Otago Model

Orphan Drug Market Entry


The global orphan (and “Ultra –Orphan”) drug market is currently valued at $123 Billion and expected to rise to $ 200 Billion by 2020 and represent 19% of all prescription drug sales. 30% of all industry drug approvals for Orphan Drugs.

It is estimated that the number of patients suffering with rare diseases is 30 Million in Europe and 350 Million people worldwide with a direct result of specialist Biopharmaceutical companies investing significantly to develop novel but generally expensive treatments. Payers, stakeholders and regulatory decision makers are becoming concerned by the potential budgetary impacts of these innovative Orphan drugs and the widening gap between clinical value and pricing.

Otago Healthcare recognises the challenges and risks presented to Specialist Pharma companies developing Orphan drugs for commercialisation in the United Kingdom, Europe and Middle East.

We work by becoming the commercial partner in Europe (and/or Middle East) from early clinical development to market approval stage. We work integrally developing strategic business plans, pre-marketing disease awareness campaigns, working on EMEA and COMP submissions pricing strategies, reimbursement through regulatory bodies, supply chain and business development.

Our primary objective is for all stakeholders, decision makers and customers endorsing the clinical value in the use of the Orphan Drug and importantly for the patient to have access to these life changing specialist medicines.

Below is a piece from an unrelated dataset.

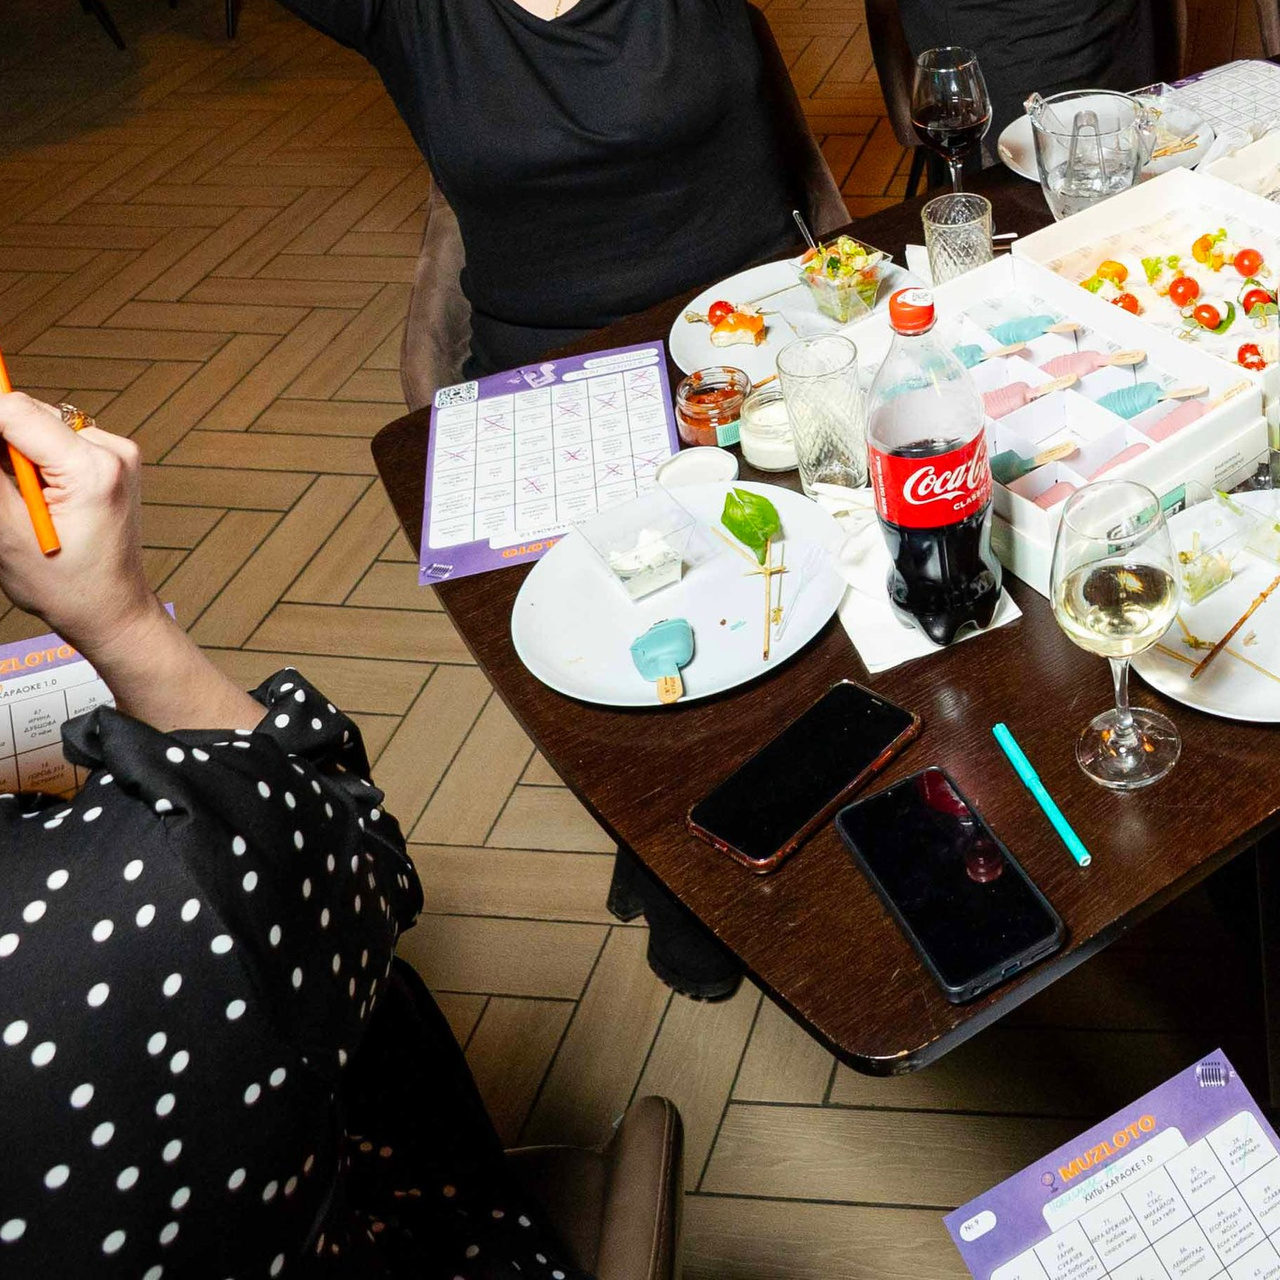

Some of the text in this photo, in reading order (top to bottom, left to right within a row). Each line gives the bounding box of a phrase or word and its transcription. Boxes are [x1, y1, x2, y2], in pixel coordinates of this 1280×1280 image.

[0, 645, 76, 674] ZLOTO
[1058, 1114, 1157, 1182] MUZLOTO
[1083, 1186, 1105, 1203] ХИТЫ
[1104, 1162, 1142, 1189] КАРАОКЕ

What are the challenges entering the United Kingdom and Europe?

  • High costs to set up infrastructure (hiring and recruiting key personnel during the pre-launch and launch phase, setting up offices which expensive leases).
  • Access to the complex network of stakeholders, decisions makers and payer groups evaluating Orphan Drugs with a view to reimbursement.
  • Regulated price sensitive market.
  • Identifying and understanding the process of introducing a new Orphan Drug with the relevant bodies which will endorse adoption such as:
    • National Institute of Clinical Excellence(NICE),
    • Scottish Medicines Consortium(SMC),
    • All Wales Medicines Group(AWMG),
    • Rare Diseases Advisory Group (RDAG),
    • Health Technology Assessment (HTA)
    • European Union Committee of Experts on Rare Diseases (EUCERD),
    • Committee for Orphan Medicinal Products(COMP).
  • Knowledge of the user base for the clinical indications of the Orphan Drug.
  • Access to key clinicians, Key Opinion Leaders and decision makers in Secondary Care.
  • Mapping out exactly where the patients are located, their existing treatment and treatment pathways
  • Developing sales and ensuring return on investment for the Orphan Drug.

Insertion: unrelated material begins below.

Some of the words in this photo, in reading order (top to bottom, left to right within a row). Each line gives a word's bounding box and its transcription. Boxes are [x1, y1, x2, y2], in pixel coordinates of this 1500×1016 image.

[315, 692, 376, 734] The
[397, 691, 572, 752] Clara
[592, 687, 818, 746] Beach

What is our strategy for United Kingdom & European entry?

  • We represent you as your commercial arm in the United Kingdom and Europe by having an existing infrastructure which is “ready to go”
    • Our office will become your UK /European operational office.
    • Otago team will absorb your name and represent you during pre-launch through to launch by strategic activities with key opinion Leaders, customers, key stakeholders, decision makers, government bodies, payers and advisory groups.
  • Our team will carry out a detailed analysis of the market to establish the potential, where the patients are located, how they are being treated and identify their treatment pathways.
  • We will utilize our knowledge, expertise and experience of working with all the relevant Government appointed bodies for product endorsement and reimbursement of Orphan Drugs by working closely through our market access specialist.
  • Our medical affairs and regulatory team will work closely with you to support disease awareness campaigns pre-marketing approval across Europe ensuring all signatory approvals are in line with European regulations.
  • We become the “commercial and operational face” for you in the United Kingdom (and Europe).

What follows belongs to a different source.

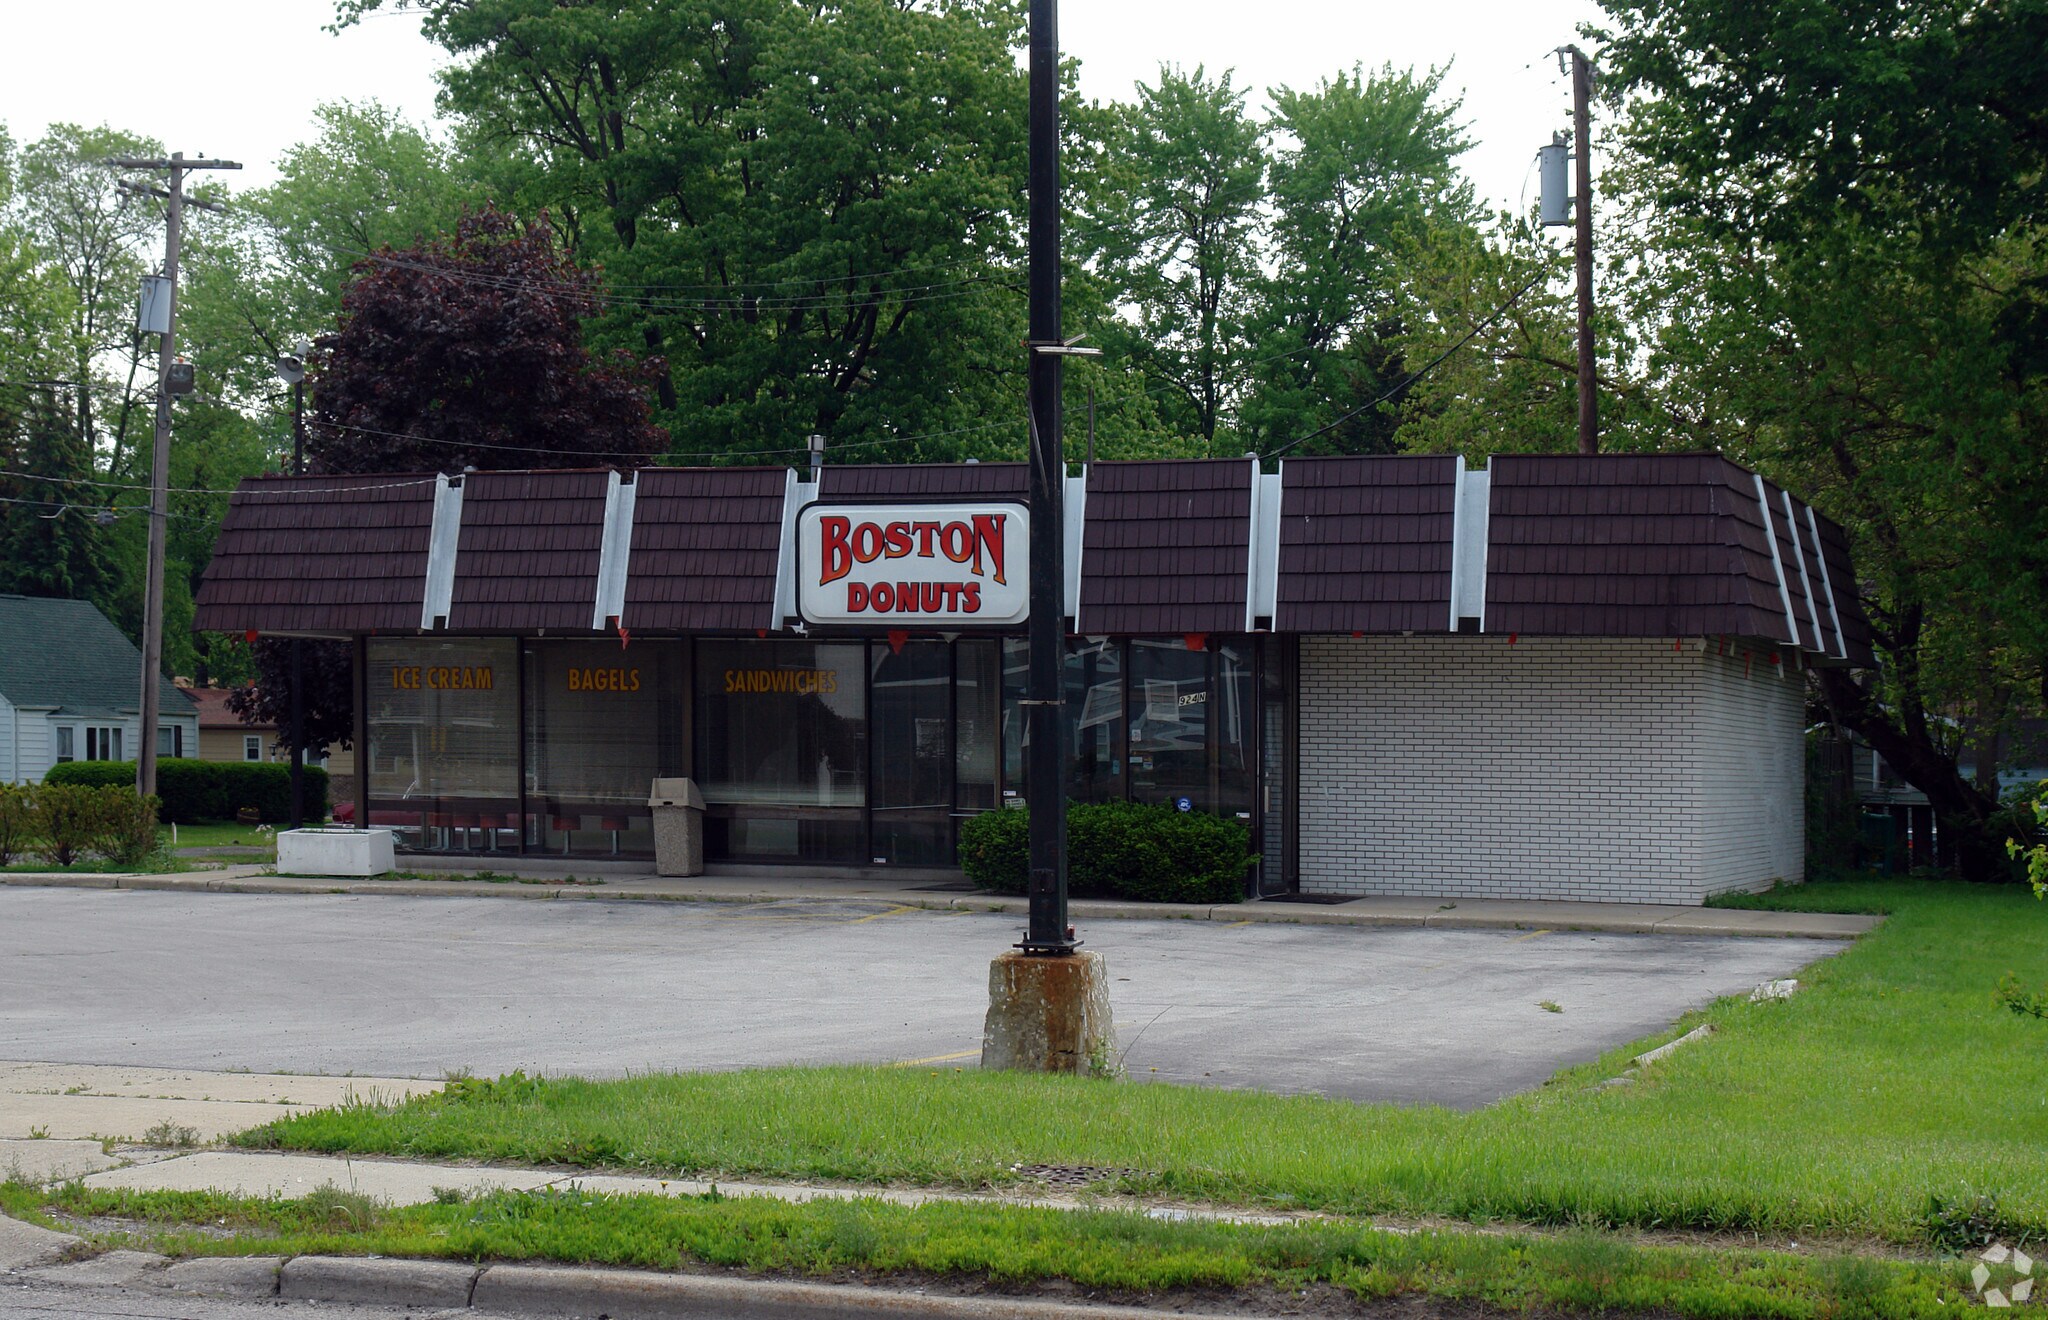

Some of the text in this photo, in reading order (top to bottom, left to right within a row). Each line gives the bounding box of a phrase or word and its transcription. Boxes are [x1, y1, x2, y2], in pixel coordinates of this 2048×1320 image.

What are the advantages using Otago?

  • Existing infrastructure across Europe and Middle East – “ready to go” team.
  • Working with a team who are highly experienced and successful in commercializing Orphan drugs across Europe.
  • Rapid and successful penetration into the United Kingdom and Europe using our expertise, experience and established customer base in the hospital and government sector.
  • We can work with you from early to late clinical stage phases to develop market awareness of the rare disease treatment across Europe.
  • Significant reduction of costs in setting up infrastructure for your company in the United Kingdom and Europe.
  • A proven team ready to work with you from early clinical stage development through to full commercialization on all aspects from regulatory, marketing, sales and supply chain.
  • Faster return of investment.
  • Fixed costs agreed by both client and Otago to ensure cost containment but long-term profitability during the commercialization of the Orphan Drug.